[DATASET RECORDS — start]

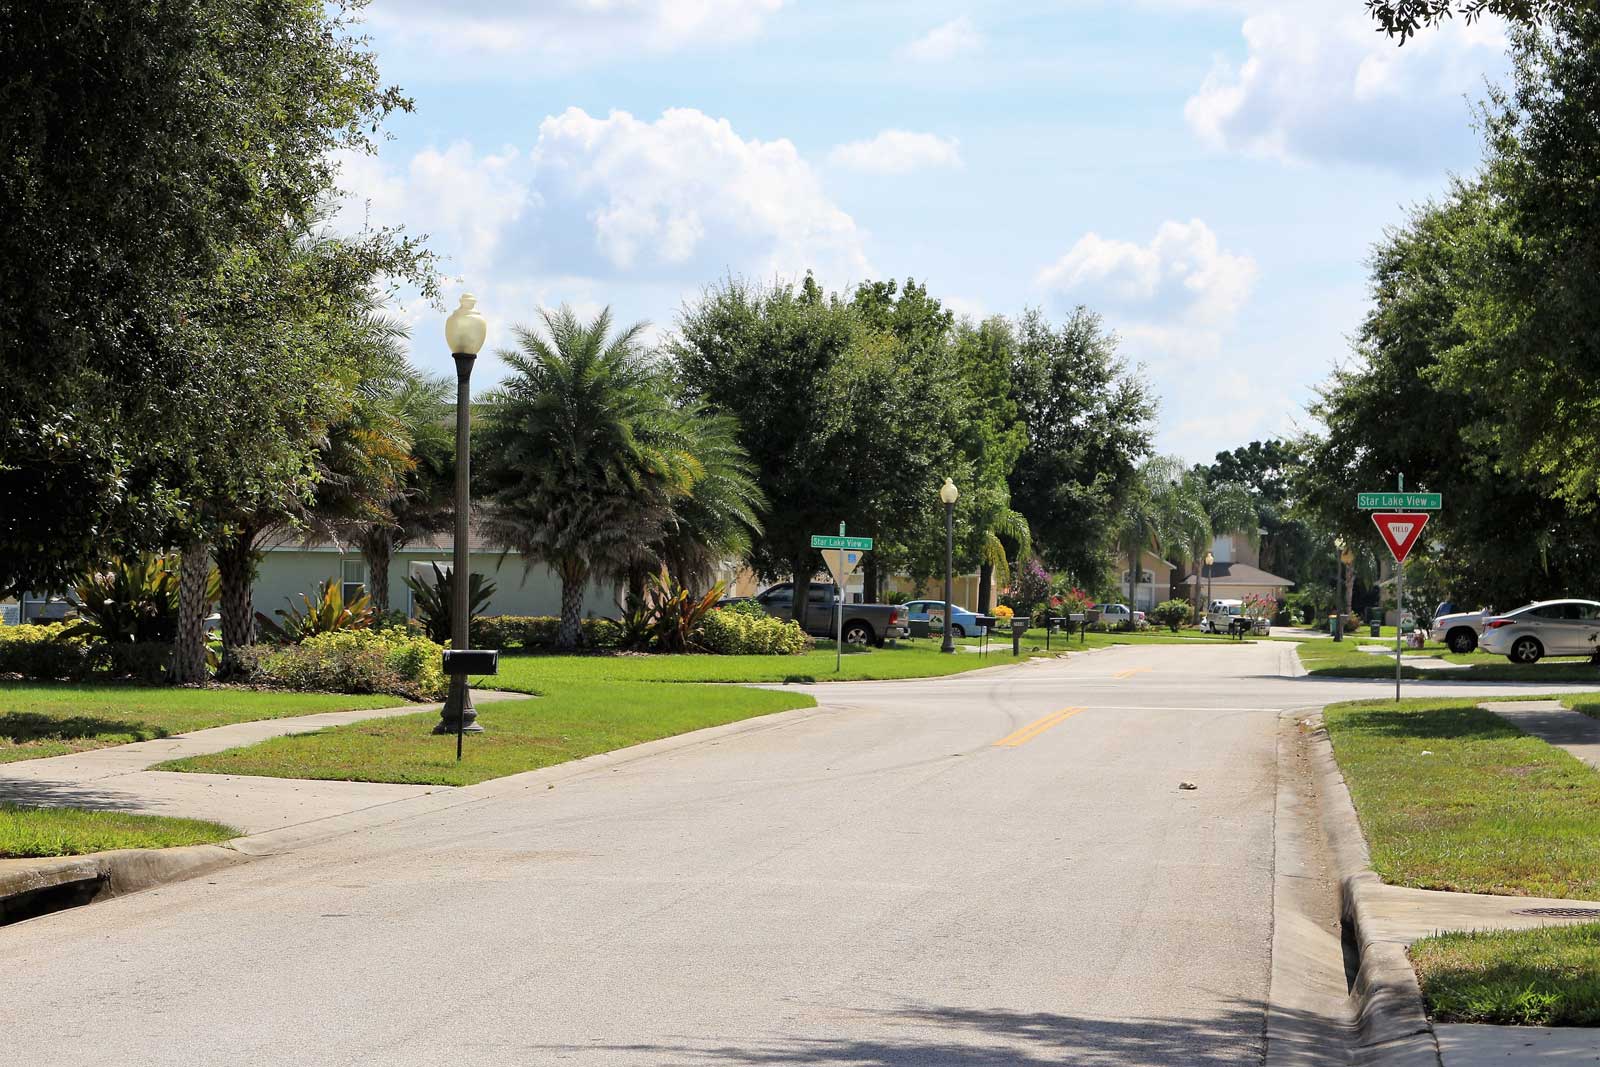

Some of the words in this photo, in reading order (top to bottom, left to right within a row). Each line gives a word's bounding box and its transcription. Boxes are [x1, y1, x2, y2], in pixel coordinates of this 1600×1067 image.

[1360, 496, 1379, 506] Star
[1382, 496, 1403, 506] Lake
[1407, 496, 1427, 506] View
[813, 537, 826, 546] Star
[829, 538, 845, 547] Lake
[847, 539, 862, 547] View
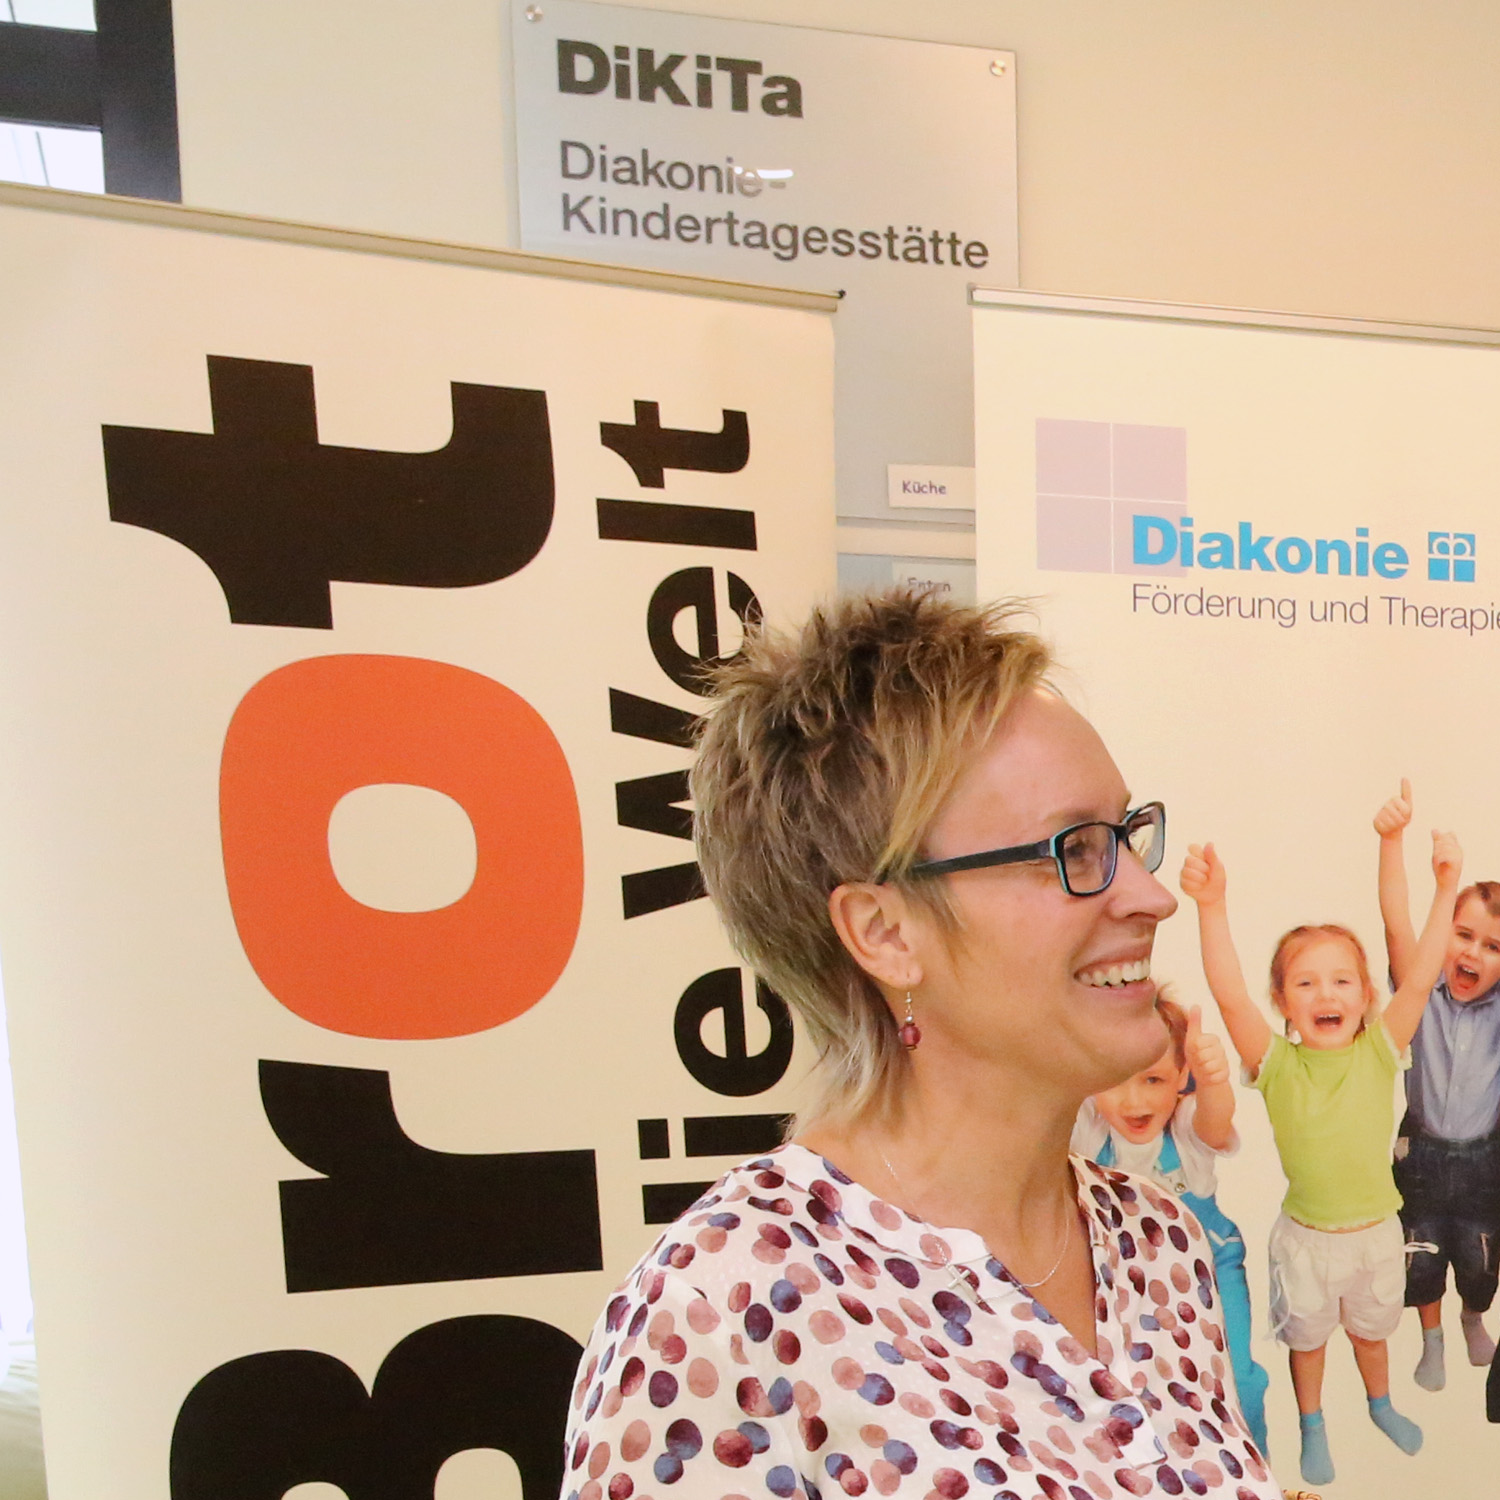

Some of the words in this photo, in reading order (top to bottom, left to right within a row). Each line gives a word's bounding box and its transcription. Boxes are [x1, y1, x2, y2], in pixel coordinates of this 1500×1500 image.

[557, 39, 803, 118] DiKiTa
[560, 140, 787, 200] Diakonie-
[560, 194, 989, 269] Kindertagesstätte
[902, 480, 947, 495] Küche
[1132, 515, 1409, 579] Diakonie
[907, 577, 951, 592] Entn
[1132, 583, 1297, 628] Förderung
[1310, 594, 1369, 624] und

[DATASET RECORDS — finish]

* **TASK DIRECTIONS**:
Your answer must be an exact copy of the records, with every picture left out.

* **PROBLEM SOLUTION**:
Some of the words in this photo, in reading order (top to bottom, left to right within a row). Each line gives a word's bounding box and its transcription. Boxes are [x1, y1, x2, y2], in pixel coordinates of this 1600×1067 image.

[1360, 496, 1379, 506] Star
[1382, 496, 1403, 506] Lake
[1407, 496, 1427, 506] View
[813, 537, 826, 546] Star
[829, 538, 845, 547] Lake
[847, 539, 862, 547] View

Some of the words in this photo, in reading order (top to bottom, left to right within a row). Each line gives a word's bounding box and its transcription. Boxes are [x1, y1, x2, y2], in pixel coordinates of this 1500×1500 image.

[557, 39, 803, 118] DiKiTa
[560, 140, 787, 200] Diakonie-
[560, 194, 989, 269] Kindertagesstätte
[902, 480, 947, 495] Küche
[1132, 515, 1409, 579] Diakonie
[907, 577, 951, 592] Entn
[1132, 583, 1297, 628] Förderung
[1310, 594, 1369, 624] und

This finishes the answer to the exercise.